Given records START

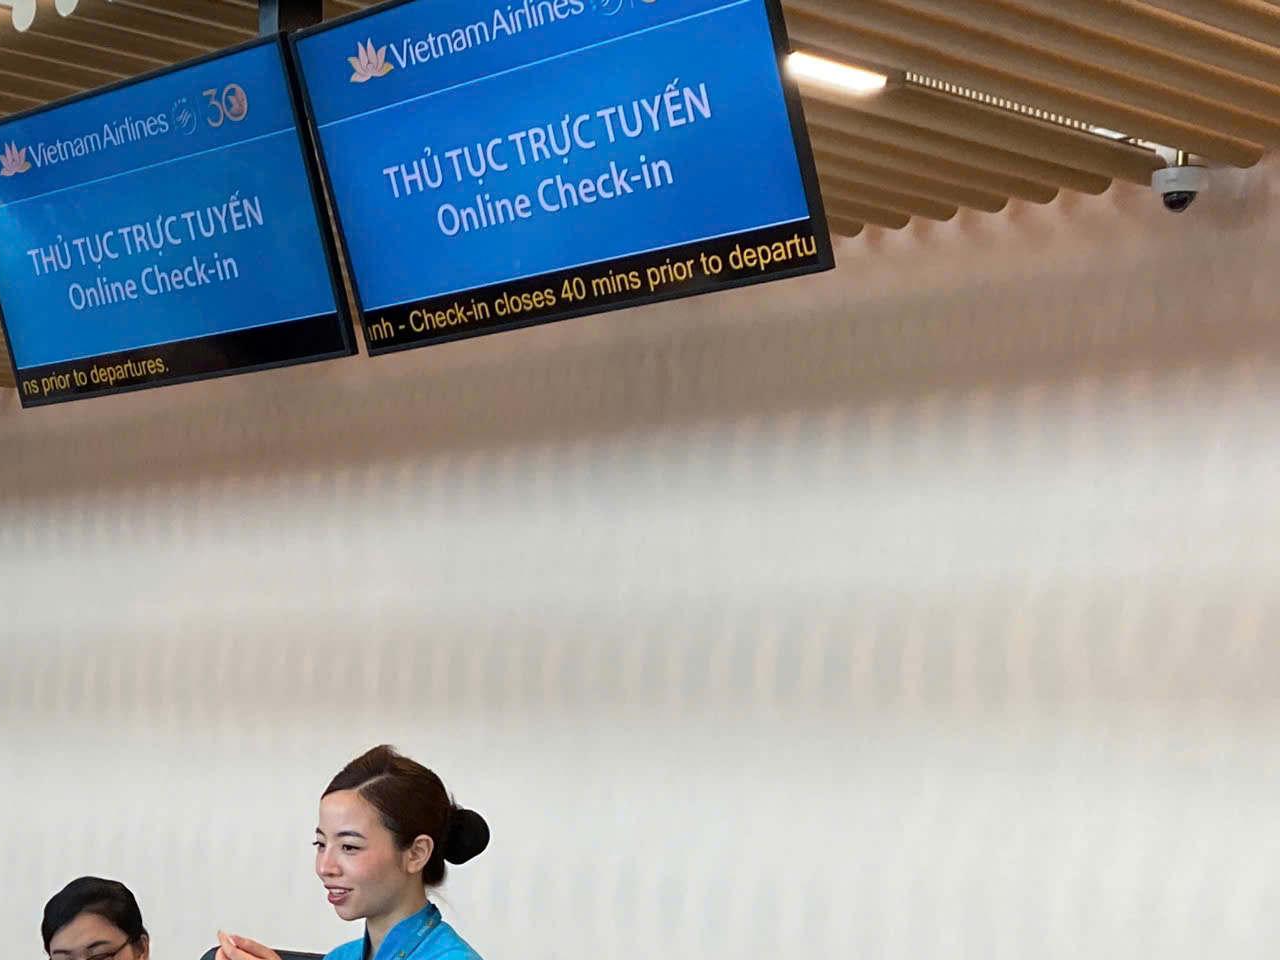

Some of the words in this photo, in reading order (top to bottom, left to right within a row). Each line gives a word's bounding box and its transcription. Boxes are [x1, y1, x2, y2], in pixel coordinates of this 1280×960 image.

[383, 147, 443, 199] THỦ
[445, 137, 508, 186] TỤC
[508, 114, 596, 164] TRỰC
[597, 77, 712, 143] TUYẾN
[27, 235, 70, 276] THỦ
[72, 231, 119, 269] TỤC
[118, 215, 181, 256] TRỰC
[181, 190, 264, 241] TUYẾN
[437, 193, 532, 236] Online
[537, 155, 674, 212] Check-in
[69, 272, 138, 310] Online
[141, 252, 239, 296] Check-in
[409, 298, 490, 333] Check-in
[495, 288, 556, 316] closes
[561, 276, 586, 303] 40
[592, 269, 641, 298] mins
[646, 258, 694, 292] prior
[700, 252, 723, 275] to
[728, 233, 817, 271] departu
[41, 372, 71, 396] prior
[73, 368, 88, 387] to
[90, 357, 169, 385] departures.
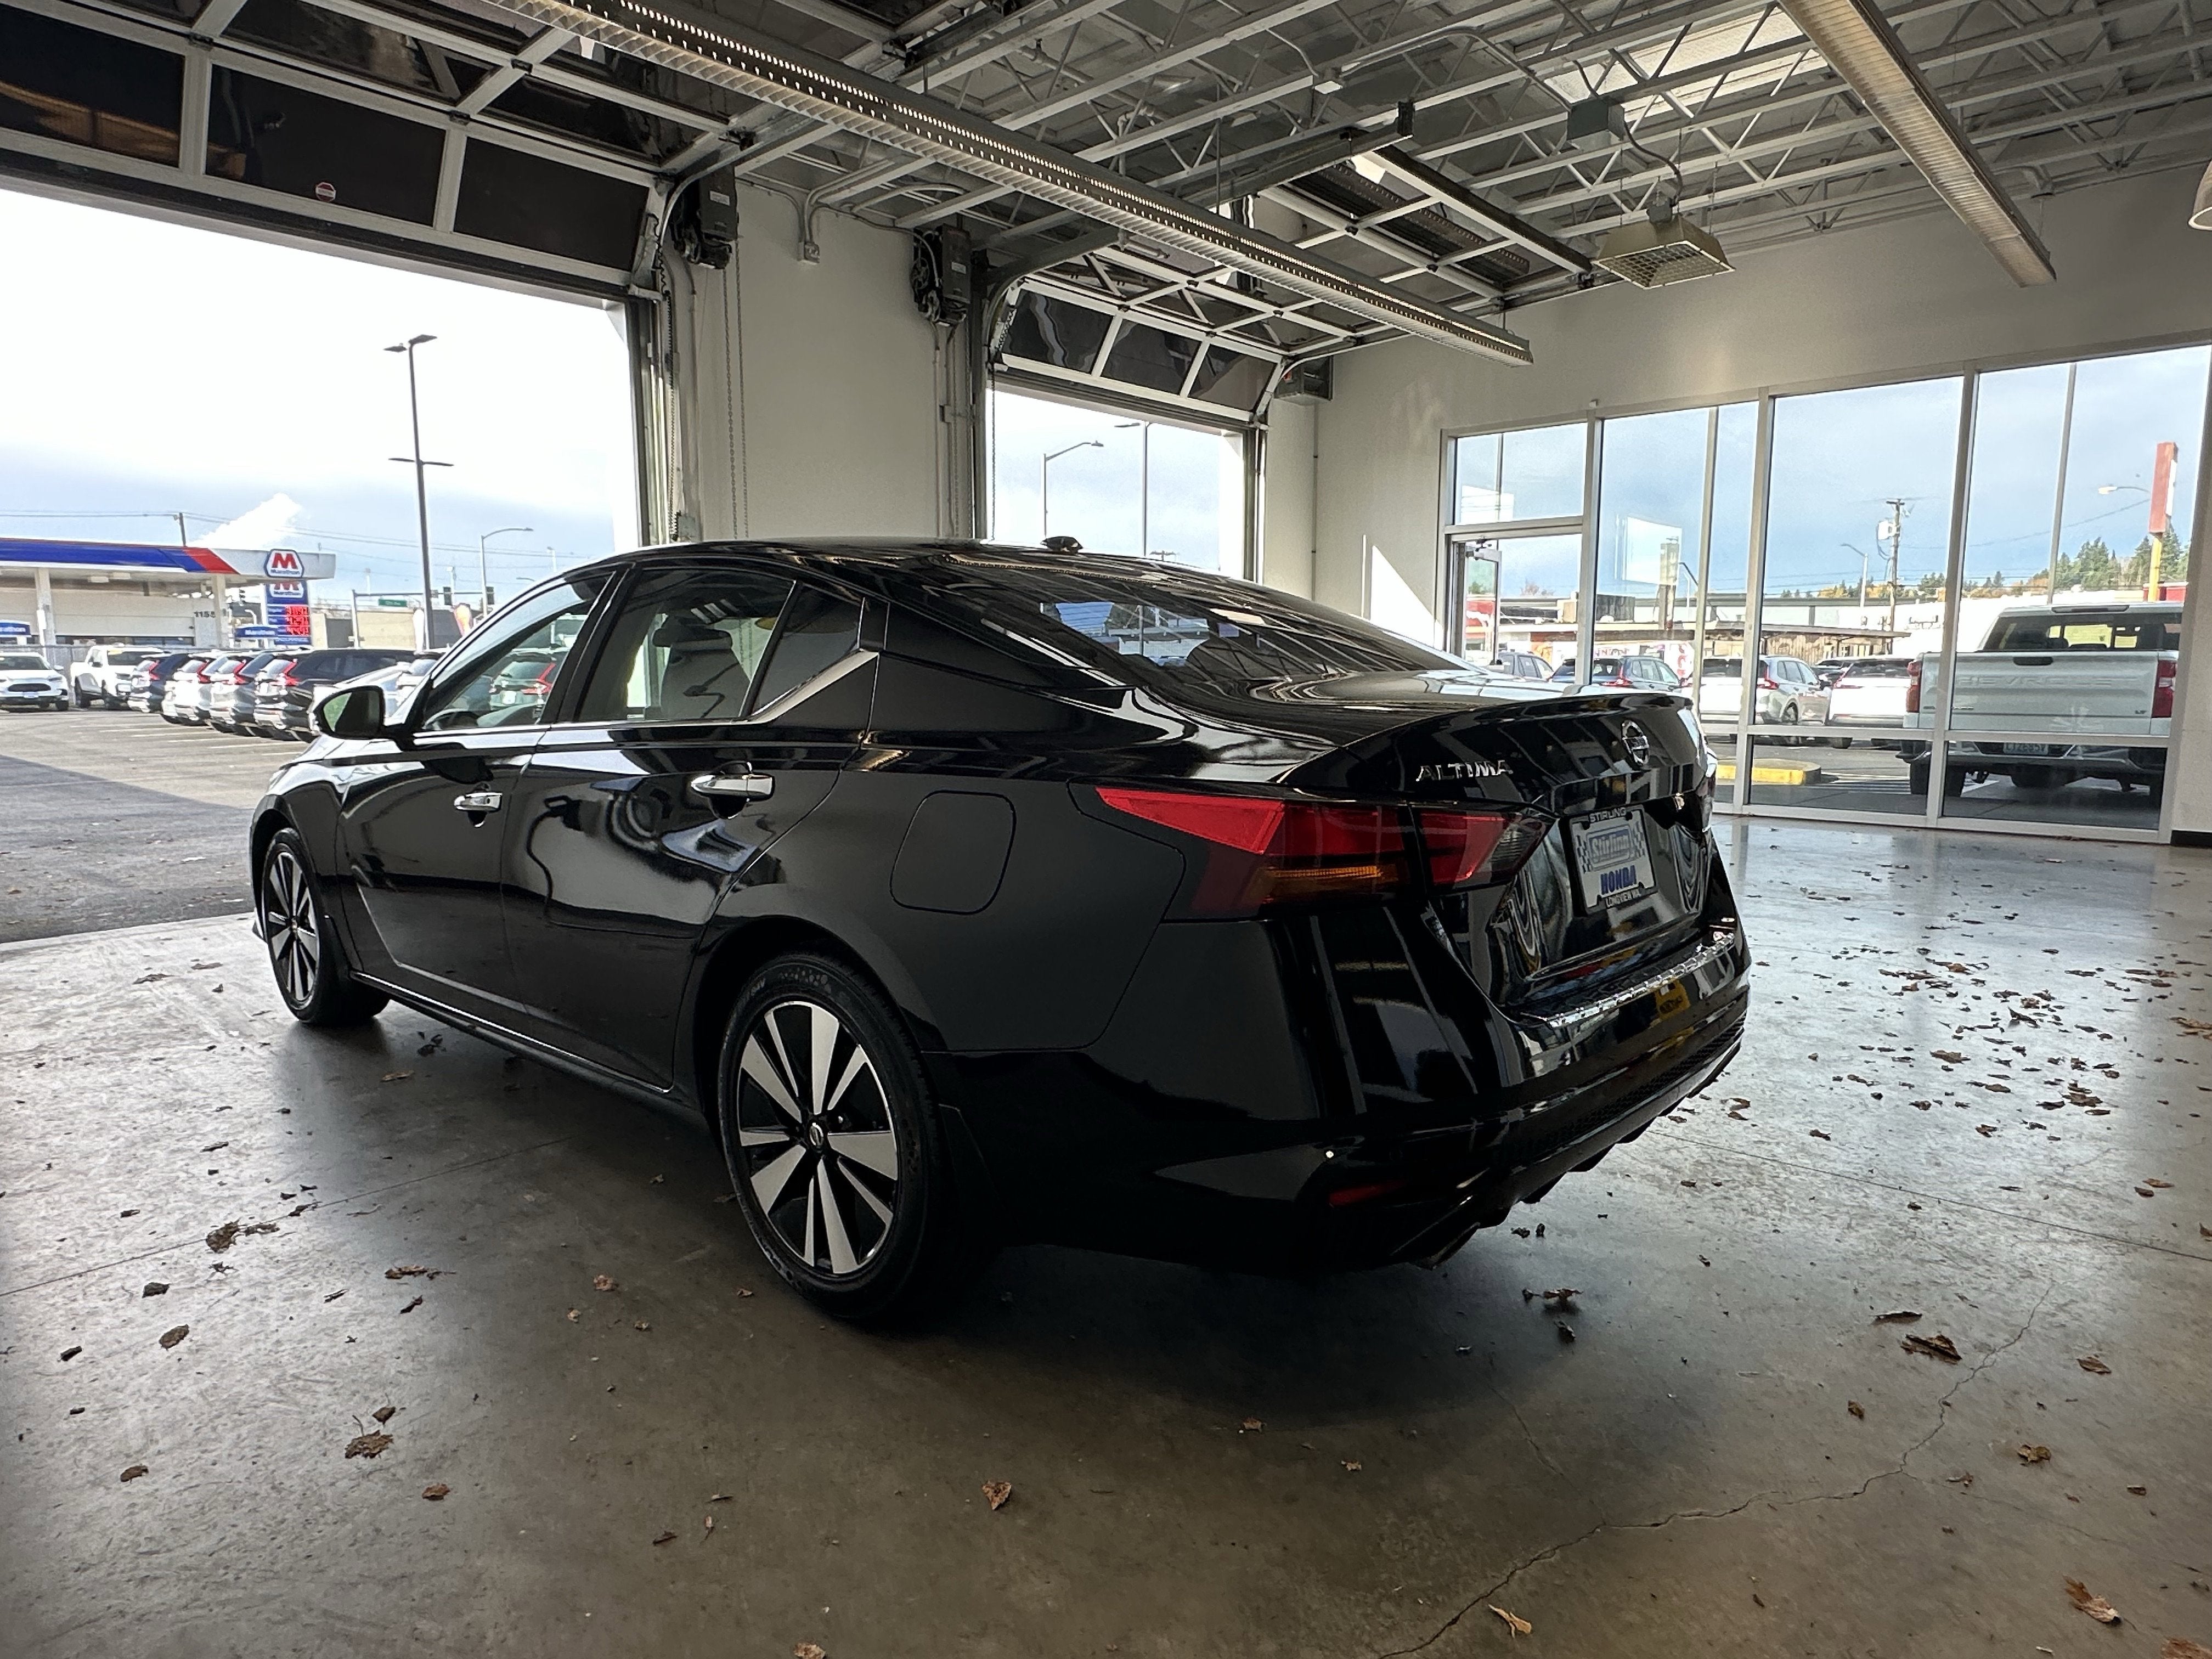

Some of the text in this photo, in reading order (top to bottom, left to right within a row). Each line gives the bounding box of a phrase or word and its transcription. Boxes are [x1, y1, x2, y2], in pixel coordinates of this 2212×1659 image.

[271, 552, 298, 569] M
[1953, 675, 2138, 686] HEVROLET
[1415, 759, 1514, 782] ALTIMA
[1589, 807, 1626, 823] STIRLING
[1600, 865, 1637, 895] HONDA
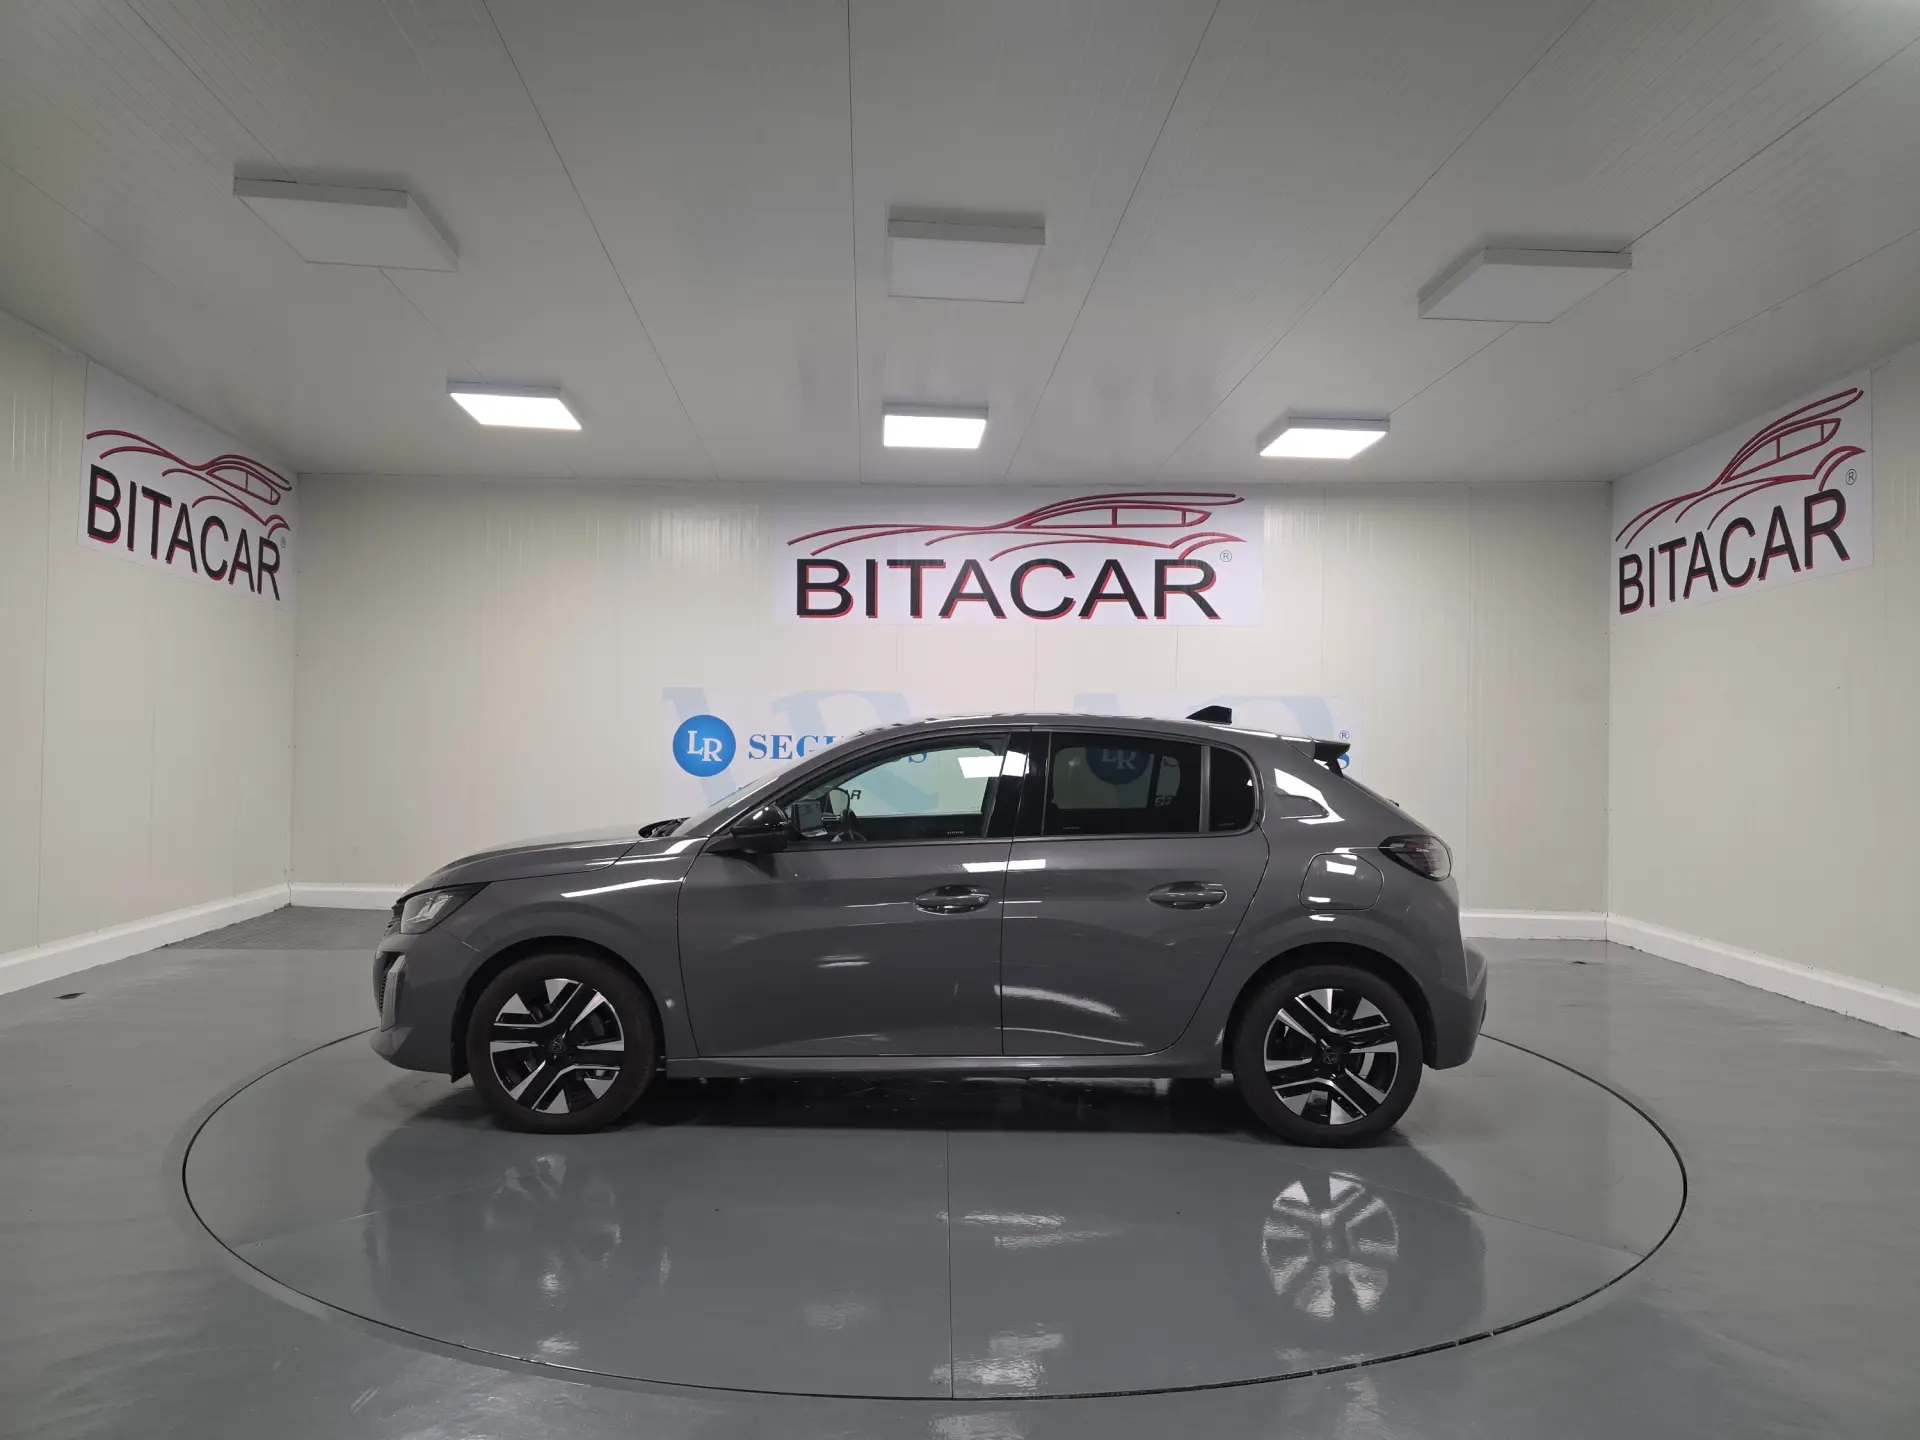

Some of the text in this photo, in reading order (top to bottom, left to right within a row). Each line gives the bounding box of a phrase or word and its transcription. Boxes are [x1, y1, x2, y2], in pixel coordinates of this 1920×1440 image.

[87, 464, 281, 601] BITACAR
[1618, 488, 1851, 615] BITACAR
[796, 557, 1222, 620] BITACAR
[686, 730, 723, 762] LR

Given records END

Exact copy, no pictures: reproduce every record above.

Some of the words in this photo, in reading order (top to bottom, left to right within a row). Each line gives a word's bounding box and its transcription. Boxes are [x1, y1, x2, y2], in pixel coordinates of this 1280×960 image.

[383, 147, 443, 199] THỦ
[445, 137, 508, 186] TỤC
[508, 114, 596, 164] TRỰC
[597, 77, 712, 143] TUYẾN
[27, 235, 70, 276] THỦ
[72, 231, 119, 269] TỤC
[118, 215, 181, 256] TRỰC
[181, 190, 264, 241] TUYẾN
[437, 193, 532, 236] Online
[537, 155, 674, 212] Check-in
[69, 272, 138, 310] Online
[141, 252, 239, 296] Check-in
[409, 298, 490, 333] Check-in
[495, 288, 556, 316] closes
[561, 276, 586, 303] 40
[592, 269, 641, 298] mins
[646, 258, 694, 292] prior
[700, 252, 723, 275] to
[728, 233, 817, 271] departu
[41, 372, 71, 396] prior
[73, 368, 88, 387] to
[90, 357, 169, 385] departures.

Some of the text in this photo, in reading order (top to bottom, left to right within a row). Each line gives the bounding box of a phrase or word and its transcription. Boxes are [x1, y1, x2, y2], in pixel coordinates of this 2212×1659 image.

[271, 552, 298, 569] M
[1953, 675, 2138, 686] HEVROLET
[1415, 759, 1514, 782] ALTIMA
[1589, 807, 1626, 823] STIRLING
[1600, 865, 1637, 895] HONDA

Some of the text in this photo, in reading order (top to bottom, left to right within a row). Each line gives the bounding box of a phrase or word and its transcription. Boxes are [x1, y1, x2, y2], in pixel coordinates of this 1920×1440 image.

[87, 464, 281, 601] BITACAR
[1618, 488, 1851, 615] BITACAR
[796, 557, 1222, 620] BITACAR
[686, 730, 723, 762] LR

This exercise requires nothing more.